In this respect I think it *may* also be of interest to mention that within the 'aroma.affymetrix' project a function called 'PdInfo2Cdf' is made available, which allows you to generate an experimental CDF file from a pdInfo package and a auxillary CEL file for the same chip type. In other words, with this function you can create a CDF file from a platform design package and a CEL file. The pd.xxx packages are build with pdInfoBuilder for use with oligo and are made from files directly obtained from Affymetrix; you will need pd.mogene.1.1.st.v1 which is already provided at bioC. You can find the function here:
Direct link:
http://bioinf.wehi.edu.au/folders/mrobinson/aroma/PdInfo2Cdf.R
Entry page (section: "Creating CDF file from R package built from pdInfoBuilder")

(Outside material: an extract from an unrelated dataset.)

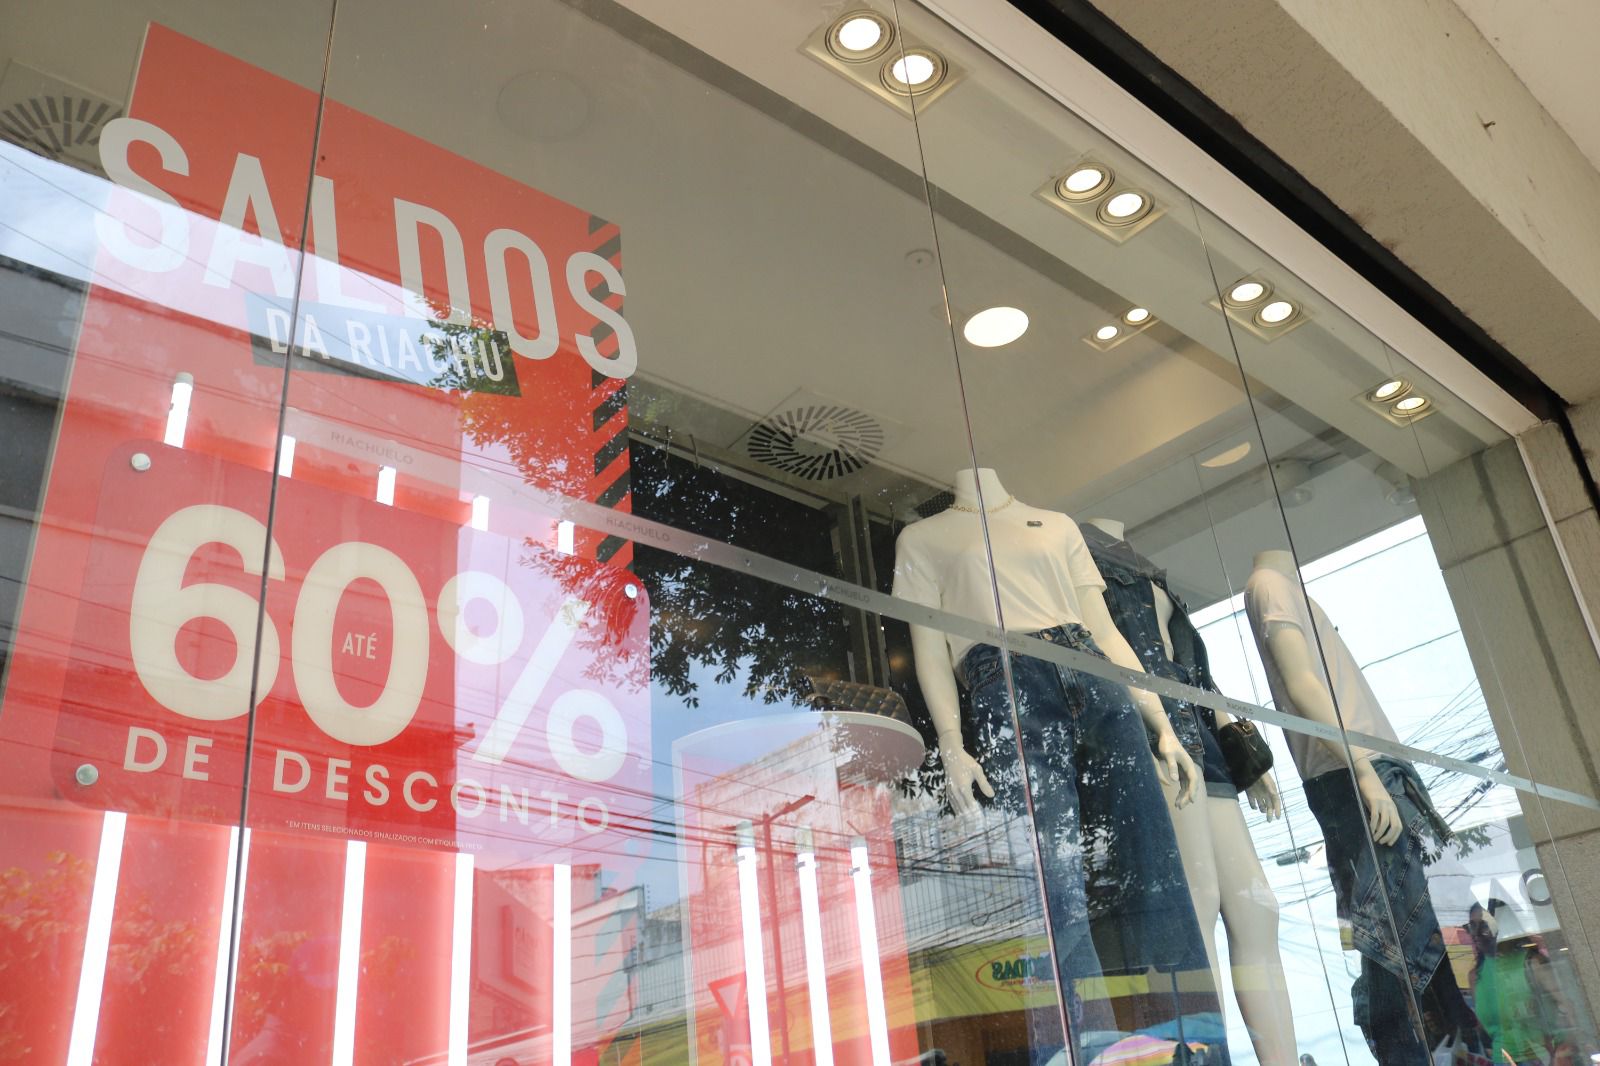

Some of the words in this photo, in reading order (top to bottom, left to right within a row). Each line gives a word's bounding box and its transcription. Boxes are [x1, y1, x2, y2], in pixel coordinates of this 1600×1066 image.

http://www.aroma-project.org/node/41
Please note that the PdInfo2Cdf function was originally written to create an experimental CDF for an EXON array, so you will have to modify the query command to retrieve the so-called meta-probesets (= transcripts) instead of the exon-based probesets as well as two additional lines that speed-up the splitting.
Therefore you have to replace this line:
ff <- dbGetQuery(db(pd), "select * from pmfeature");
by this line:
ff <- dbGetQuery(db(pd), "SELECT fid, meta_fsetid, atom, y, x FROM pmfeature INNER JOIN core_mps USING(fsetid)") #gives meta-probesets/transcripts

AND also
replace these two lines:
  ffs <- split(ff, substr(ff$fsetid,1,4))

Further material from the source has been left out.